A mobilização ocorre em um momento no qual um caso de grande repercussão evidencia a importância da atuação técnica e integrada da PCDF. Nesta semana, a Justiça condenou os dois responsáveis pelo homicídio e esquartejamento de um homem em situação de rua no Riacho Fundo. Os réus receberam penas de 34 anos e três meses e de 26 anos e três meses de prisão, após um trabalho de investigação que permitiu reunir as provas necessárias para a responsabilização dos autores.

Um policial civil que participou diretamente das diligências, cuja identidade será preservada por segurança, relatou que a equipe localizou parte do corpo da vítima e, posteriormente, o apartamento onde o crime havia ocorrido. A área foi imediatamente isolada para assegurar a preservação da cena e dos elementos necessários à investigação.

“Preservamos a cena do crime para que cada vestígio pudesse ser transformado em prova”, afirmou. Segundo o policial, a equipe se dividiu entre análise de imagens, pesquisas em sistemas e redes sociais e diligências de campo. O primeiro envolvido foi preso após cerca de 12 horas. Antes de localizar o segundo suspeito, os mesmos policiais ainda atenderam a uma tentativa de feminicídio contra uma gestante, prenderam o agressor e retornaram imediatamente à investigação inicial. Ao todo, foram 24 horas ininterruptas de trabalho.

O resultado foi destacado pelo promotor de Justiça César Nardelli, que atuou no julgamento: “Parabenizamos a PCDF pelo trabalho exemplar na produção de provas técnicas e pela resolução do crime em menos de 12 horas”.

Para as entidades, o caso demonstra que uma investigação criminal não se resume à prisão dos envolvidos. Ela depende do correto isolamento do local, da preservação dos vestígios, da atuação coordenada entre investigadores e peritos e da produção de provas capazes de resistir à análise do Ministério Público, da defesa e do Poder Judiciário.

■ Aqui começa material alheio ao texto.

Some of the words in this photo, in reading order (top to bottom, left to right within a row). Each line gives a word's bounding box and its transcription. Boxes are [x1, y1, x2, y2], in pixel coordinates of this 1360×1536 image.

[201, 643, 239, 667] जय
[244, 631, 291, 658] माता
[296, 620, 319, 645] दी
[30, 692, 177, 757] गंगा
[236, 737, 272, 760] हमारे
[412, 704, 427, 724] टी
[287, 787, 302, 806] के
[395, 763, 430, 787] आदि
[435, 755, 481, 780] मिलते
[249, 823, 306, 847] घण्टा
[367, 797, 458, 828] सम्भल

Essa estrutura técnica é justamente o que as entidades buscam proteger ao solicitar a revogação do Decreto nº 48.835. Editado sem prévia interlocução com os órgãos responsáveis pela perícia oficial, o ato atribuiu ao Centro de Criminalística da PMDF competências relacionadas à cadeia de custódia, à produção da prova material e à realização de exames balísticos, documentoscópicos, grafotécnicos, papiloscópicos e digitais, além de exames em locais de infração penal militar e apoio à investigação criminal militar.

A PMDF sustenta que a unidade ficará restrita aos crimes de natureza militar e aos procedimentos internos da corporação. A instituição reconheceu, entretanto, que a presença de civis como vítimas, testemunhas ou interessados não impedirá a realização de perícia militar quando o fato decorrer, em tese, da atuação de policial militar e estiver inserido em Inquérito Policial Militar. Embora afirme que os protocolos aplicáveis às mortes de civis decorrentes de intervenção policial e a apuração pela PCDF serão mantidos, as entidades avaliam que o Decreto não delimita de forma suficientemente clara como ocorrerá a atuação de cada instituição nesses casos.

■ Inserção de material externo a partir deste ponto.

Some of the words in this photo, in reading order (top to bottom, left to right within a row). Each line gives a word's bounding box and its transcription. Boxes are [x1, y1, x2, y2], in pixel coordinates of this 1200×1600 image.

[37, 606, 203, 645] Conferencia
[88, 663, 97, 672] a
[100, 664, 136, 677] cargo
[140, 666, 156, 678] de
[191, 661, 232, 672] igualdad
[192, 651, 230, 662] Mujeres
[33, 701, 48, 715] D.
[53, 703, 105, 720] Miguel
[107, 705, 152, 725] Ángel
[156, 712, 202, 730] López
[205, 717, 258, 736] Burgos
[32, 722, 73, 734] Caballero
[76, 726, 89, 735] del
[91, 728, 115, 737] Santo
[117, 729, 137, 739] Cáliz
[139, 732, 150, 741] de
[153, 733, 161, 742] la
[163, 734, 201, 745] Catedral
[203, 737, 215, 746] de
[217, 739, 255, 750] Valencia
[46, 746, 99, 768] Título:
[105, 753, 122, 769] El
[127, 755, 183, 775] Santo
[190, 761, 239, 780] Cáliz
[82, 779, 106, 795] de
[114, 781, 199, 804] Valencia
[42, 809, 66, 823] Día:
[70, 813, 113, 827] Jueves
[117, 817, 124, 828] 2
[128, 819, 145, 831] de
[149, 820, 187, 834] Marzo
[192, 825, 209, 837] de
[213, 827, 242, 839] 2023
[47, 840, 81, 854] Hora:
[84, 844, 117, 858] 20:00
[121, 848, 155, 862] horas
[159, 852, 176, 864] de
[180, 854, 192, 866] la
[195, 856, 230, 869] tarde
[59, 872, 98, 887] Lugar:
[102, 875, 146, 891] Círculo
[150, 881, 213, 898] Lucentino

Na avaliação das entidades signatárias, essa indefinição poderá provocar atuações paralelas ou sobrepostas, fragilizar a preservação dos vestígios, gerar questionamentos sobre a cadeia de custódia e comprometer a validade e a confiabilidade das provas. Há ainda o risco de duplicidade de estruturas e gastos públicos, conflitos de competência e insegurança jurídica nos processos criminais.

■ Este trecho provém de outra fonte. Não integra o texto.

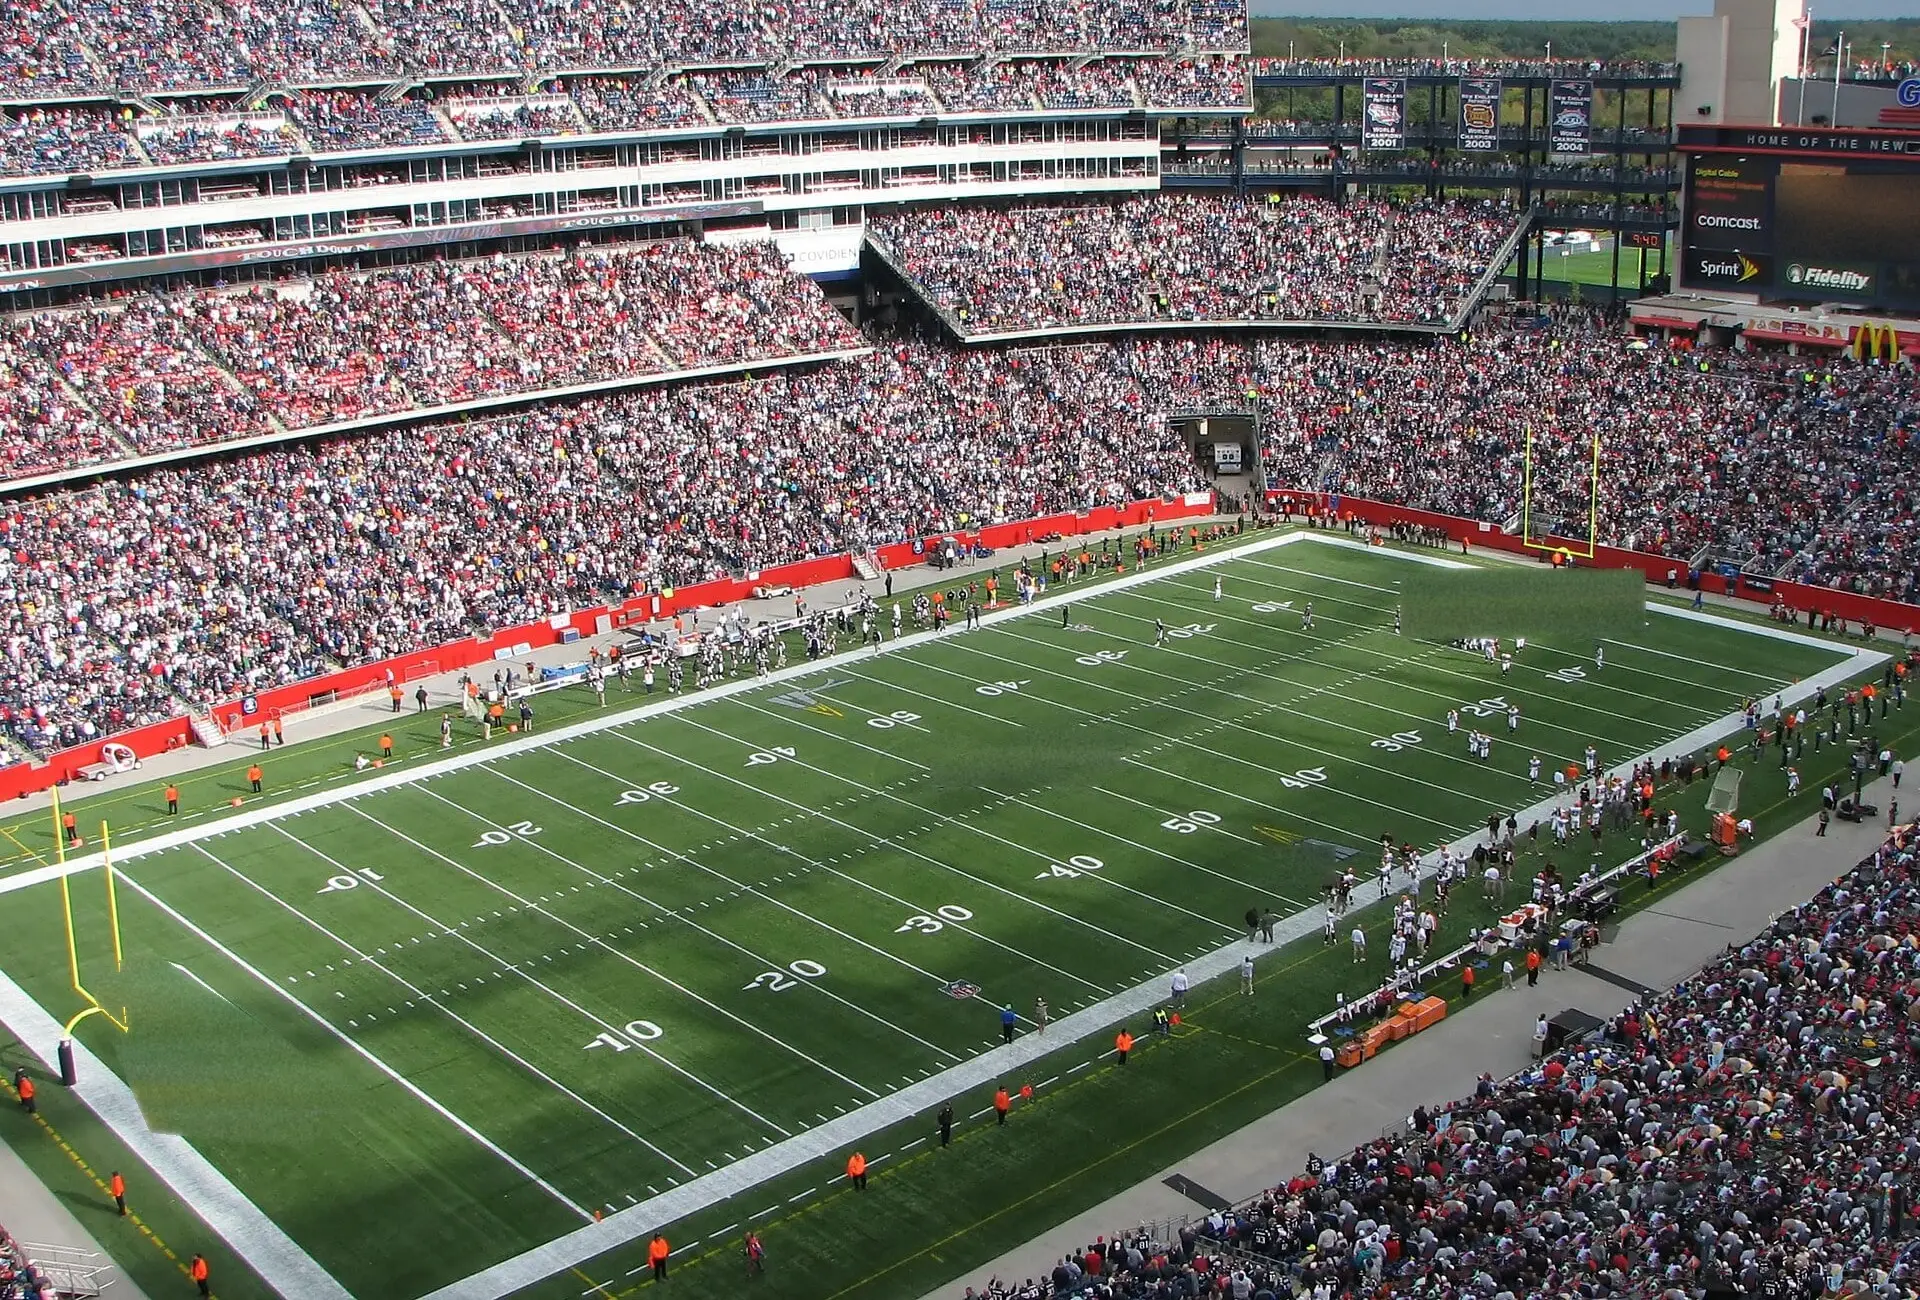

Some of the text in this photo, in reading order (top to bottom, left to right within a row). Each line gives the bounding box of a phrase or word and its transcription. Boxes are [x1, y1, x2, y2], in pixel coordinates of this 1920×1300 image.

[1371, 138, 1397, 147] 2001
[1465, 140, 1491, 148] 2003
[1556, 143, 1583, 151] 2004
[1747, 135, 1905, 151] HOME OF THE NEW
[1695, 168, 1739, 178] Digital Cable
[1697, 214, 1760, 230] comcast
[1632, 234, 1658, 246] 9:40
[237, 243, 370, 261] TOUCHDOWN
[799, 247, 857, 262] COVIDIEN
[1700, 260, 1739, 277] Sprint
[1804, 267, 1870, 290] Fidelity
[1167, 623, 1213, 638] 20
[1075, 650, 1125, 667] 30
[1544, 667, 1587, 684] 10
[975, 680, 1019, 697] 40
[1460, 698, 1509, 718] 20
[866, 710, 922, 730] 50
[1370, 732, 1423, 753] 30
[748, 746, 797, 765] 40
[1279, 769, 1329, 790] 40
[620, 781, 681, 803] 30
[1160, 810, 1222, 834] 50
[480, 820, 543, 845] 20
[1050, 855, 1105, 880] 40
[327, 867, 385, 890] 10
[905, 904, 974, 933] 30
[754, 959, 827, 992] 20
[595, 1020, 664, 1052] 10
[1311, 1162, 1321, 1171] 12
[1139, 1240, 1149, 1250] 81

“Não se trata de negar a relevância da Polícia Militar ou de enfraquecer a integração entre as forças. O que defendemos é o respeito às atribuições constitucionais e legais de cada instituição. A investigação e a perícia oficial precisam de autonomia, independência e segurança técnica para que os vestígios sejam transformados em provas e a Justiça possa ser efetivamente realizada”, afirma o presidente do Sinpol-DF, Marlos Valle.

As entidades reiteram que a cooperação entre as forças de segurança deve ser permanentemente fortalecida, mas não pode ser confundida com substituição, sobreposição ou invasão de competências. O diálogo com a Presidência da CLDF integra as medidas institucionais adotadas para garantir a segurança jurídica das investigações, preservar o trabalho técnico-pericial da PCDF e impedir que eventuais conflitos de atribuição resultem em prejuízos à população e à segurança pública do Distrito Federal.